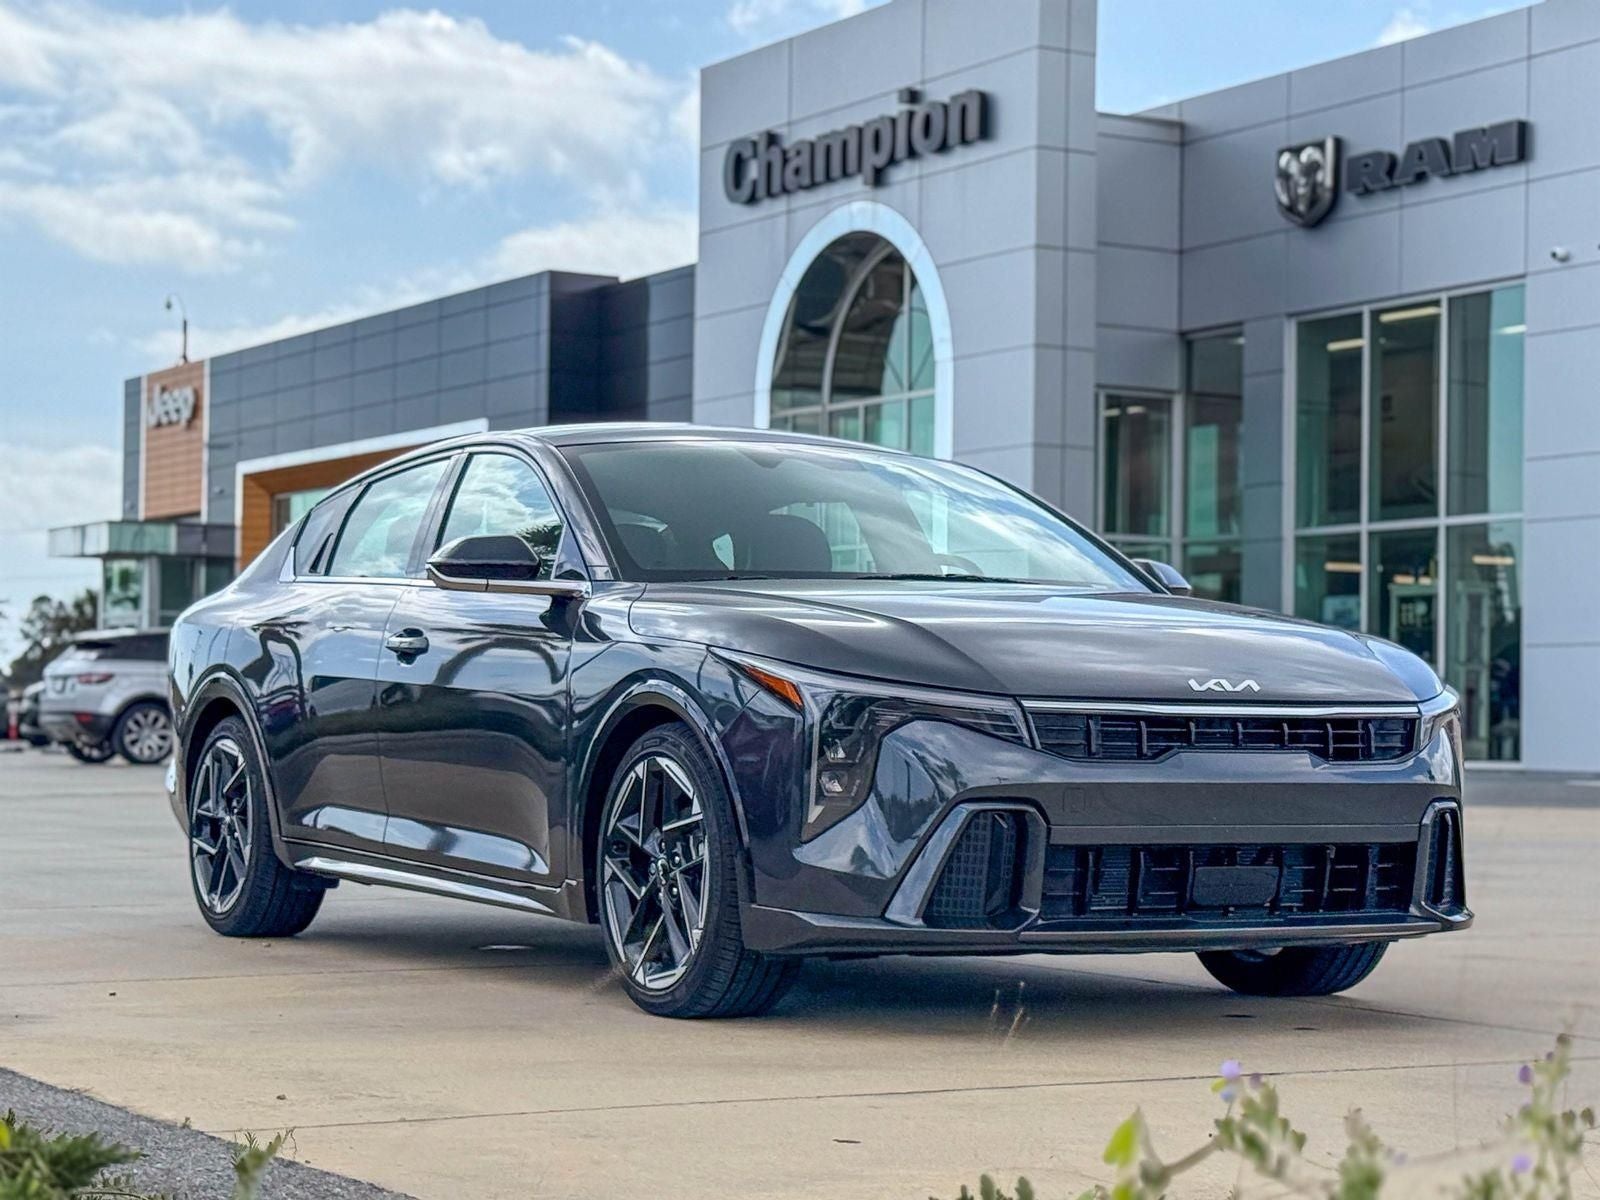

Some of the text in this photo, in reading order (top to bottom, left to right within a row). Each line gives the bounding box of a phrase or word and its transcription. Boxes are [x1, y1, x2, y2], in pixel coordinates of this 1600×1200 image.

[724, 87, 994, 206] Champion
[1347, 119, 1531, 196] RAM
[147, 383, 196, 427] Jeep
[1187, 678, 1261, 693] KIA
-*-*-
INSTRUCTIONS TO FOLLOW - Make an exact copy of the listing above. Its pictures are not needed.

FINAL ANSWER -
Some of the text in this photo, in reading order (top to bottom, left to right within a row). Each line gives the bounding box of a phrase or word and its transcription. Boxes are [x1, y1, x2, y2], in pixel coordinates of this 1600×1200 image.

[724, 87, 994, 206] Champion
[1347, 119, 1531, 196] RAM
[147, 383, 196, 427] Jeep
[1187, 678, 1261, 693] KIA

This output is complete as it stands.